* EXERCISE AIM
Each line below should be repeated exactly as it stands.

* RECORD EXCERPTS
'''
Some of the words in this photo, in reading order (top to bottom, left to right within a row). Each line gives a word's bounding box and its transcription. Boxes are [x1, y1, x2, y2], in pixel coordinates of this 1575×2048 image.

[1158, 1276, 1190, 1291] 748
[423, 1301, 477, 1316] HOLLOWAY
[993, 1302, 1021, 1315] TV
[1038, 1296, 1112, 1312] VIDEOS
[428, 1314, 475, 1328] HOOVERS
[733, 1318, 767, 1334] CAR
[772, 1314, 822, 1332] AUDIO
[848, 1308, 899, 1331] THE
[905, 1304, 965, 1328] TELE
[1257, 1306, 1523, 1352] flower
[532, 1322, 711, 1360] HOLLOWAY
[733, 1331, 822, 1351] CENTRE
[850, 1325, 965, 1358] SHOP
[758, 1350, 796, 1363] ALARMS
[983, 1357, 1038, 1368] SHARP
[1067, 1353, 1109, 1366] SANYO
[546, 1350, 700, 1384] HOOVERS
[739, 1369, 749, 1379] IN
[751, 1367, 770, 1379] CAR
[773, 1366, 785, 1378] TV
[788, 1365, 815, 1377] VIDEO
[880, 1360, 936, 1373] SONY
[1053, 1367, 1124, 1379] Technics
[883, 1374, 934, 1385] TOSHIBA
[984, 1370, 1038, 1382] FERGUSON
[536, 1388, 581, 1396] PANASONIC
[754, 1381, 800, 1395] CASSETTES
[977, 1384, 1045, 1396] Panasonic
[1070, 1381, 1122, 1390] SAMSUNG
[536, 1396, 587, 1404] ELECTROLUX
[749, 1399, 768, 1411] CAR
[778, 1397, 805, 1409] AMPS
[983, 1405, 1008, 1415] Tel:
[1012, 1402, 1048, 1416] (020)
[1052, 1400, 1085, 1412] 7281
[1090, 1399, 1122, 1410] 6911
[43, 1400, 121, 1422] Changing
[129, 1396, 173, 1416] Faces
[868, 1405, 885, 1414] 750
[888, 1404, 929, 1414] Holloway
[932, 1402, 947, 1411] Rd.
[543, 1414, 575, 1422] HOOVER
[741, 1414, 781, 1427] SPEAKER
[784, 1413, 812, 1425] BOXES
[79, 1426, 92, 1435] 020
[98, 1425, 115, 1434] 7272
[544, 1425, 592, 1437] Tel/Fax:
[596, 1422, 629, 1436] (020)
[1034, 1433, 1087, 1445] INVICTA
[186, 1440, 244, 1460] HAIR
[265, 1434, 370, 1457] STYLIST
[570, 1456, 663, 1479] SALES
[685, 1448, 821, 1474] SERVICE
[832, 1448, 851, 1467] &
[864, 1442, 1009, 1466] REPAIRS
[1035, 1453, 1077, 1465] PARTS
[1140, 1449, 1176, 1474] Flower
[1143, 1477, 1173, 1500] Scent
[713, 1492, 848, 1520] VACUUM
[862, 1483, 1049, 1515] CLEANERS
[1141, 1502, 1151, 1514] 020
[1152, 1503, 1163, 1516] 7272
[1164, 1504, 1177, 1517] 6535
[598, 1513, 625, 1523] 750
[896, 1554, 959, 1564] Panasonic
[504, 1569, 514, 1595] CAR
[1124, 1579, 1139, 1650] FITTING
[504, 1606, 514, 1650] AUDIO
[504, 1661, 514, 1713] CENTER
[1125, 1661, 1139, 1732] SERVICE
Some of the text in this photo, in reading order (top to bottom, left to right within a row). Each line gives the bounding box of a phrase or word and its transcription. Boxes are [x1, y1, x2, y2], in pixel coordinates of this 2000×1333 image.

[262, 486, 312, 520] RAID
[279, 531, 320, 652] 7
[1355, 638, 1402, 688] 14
'''
* EXERCISE RESPONSE
Some of the words in this photo, in reading order (top to bottom, left to right within a row). Each line gives a word's bounding box and its transcription. Boxes are [x1, y1, x2, y2], in pixel coordinates of this 1575×2048 image.

[1158, 1276, 1190, 1291] 748
[423, 1301, 477, 1316] HOLLOWAY
[993, 1302, 1021, 1315] TV
[1038, 1296, 1112, 1312] VIDEOS
[428, 1314, 475, 1328] HOOVERS
[733, 1318, 767, 1334] CAR
[772, 1314, 822, 1332] AUDIO
[848, 1308, 899, 1331] THE
[905, 1304, 965, 1328] TELE
[1257, 1306, 1523, 1352] flower
[532, 1322, 711, 1360] HOLLOWAY
[733, 1331, 822, 1351] CENTRE
[850, 1325, 965, 1358] SHOP
[758, 1350, 796, 1363] ALARMS
[983, 1357, 1038, 1368] SHARP
[1067, 1353, 1109, 1366] SANYO
[546, 1350, 700, 1384] HOOVERS
[739, 1369, 749, 1379] IN
[751, 1367, 770, 1379] CAR
[773, 1366, 785, 1378] TV
[788, 1365, 815, 1377] VIDEO
[880, 1360, 936, 1373] SONY
[1053, 1367, 1124, 1379] Technics
[883, 1374, 934, 1385] TOSHIBA
[984, 1370, 1038, 1382] FERGUSON
[536, 1388, 581, 1396] PANASONIC
[754, 1381, 800, 1395] CASSETTES
[977, 1384, 1045, 1396] Panasonic
[1070, 1381, 1122, 1390] SAMSUNG
[536, 1396, 587, 1404] ELECTROLUX
[749, 1399, 768, 1411] CAR
[778, 1397, 805, 1409] AMPS
[983, 1405, 1008, 1415] Tel:
[1012, 1402, 1048, 1416] (020)
[1052, 1400, 1085, 1412] 7281
[1090, 1399, 1122, 1410] 6911
[43, 1400, 121, 1422] Changing
[129, 1396, 173, 1416] Faces
[868, 1405, 885, 1414] 750
[888, 1404, 929, 1414] Holloway
[932, 1402, 947, 1411] Rd.
[543, 1414, 575, 1422] HOOVER
[741, 1414, 781, 1427] SPEAKER
[784, 1413, 812, 1425] BOXES
[79, 1426, 92, 1435] 020
[98, 1425, 115, 1434] 7272
[544, 1425, 592, 1437] Tel/Fax:
[596, 1422, 629, 1436] (020)
[1034, 1433, 1087, 1445] INVICTA
[186, 1440, 244, 1460] HAIR
[265, 1434, 370, 1457] STYLIST
[570, 1456, 663, 1479] SALES
[685, 1448, 821, 1474] SERVICE
[832, 1448, 851, 1467] &
[864, 1442, 1009, 1466] REPAIRS
[1035, 1453, 1077, 1465] PARTS
[1140, 1449, 1176, 1474] Flower
[1143, 1477, 1173, 1500] Scent
[713, 1492, 848, 1520] VACUUM
[862, 1483, 1049, 1515] CLEANERS
[1141, 1502, 1151, 1514] 020
[1152, 1503, 1163, 1516] 7272
[1164, 1504, 1177, 1517] 6535
[598, 1513, 625, 1523] 750
[896, 1554, 959, 1564] Panasonic
[504, 1569, 514, 1595] CAR
[1124, 1579, 1139, 1650] FITTING
[504, 1606, 514, 1650] AUDIO
[504, 1661, 514, 1713] CENTER
[1125, 1661, 1139, 1732] SERVICE
Some of the text in this photo, in reading order (top to bottom, left to right within a row). Each line gives the bounding box of a phrase or word and its transcription. Boxes are [x1, y1, x2, y2], in pixel coordinates of this 2000×1333 image.

[262, 486, 312, 520] RAID
[279, 531, 320, 652] 7
[1355, 638, 1402, 688] 14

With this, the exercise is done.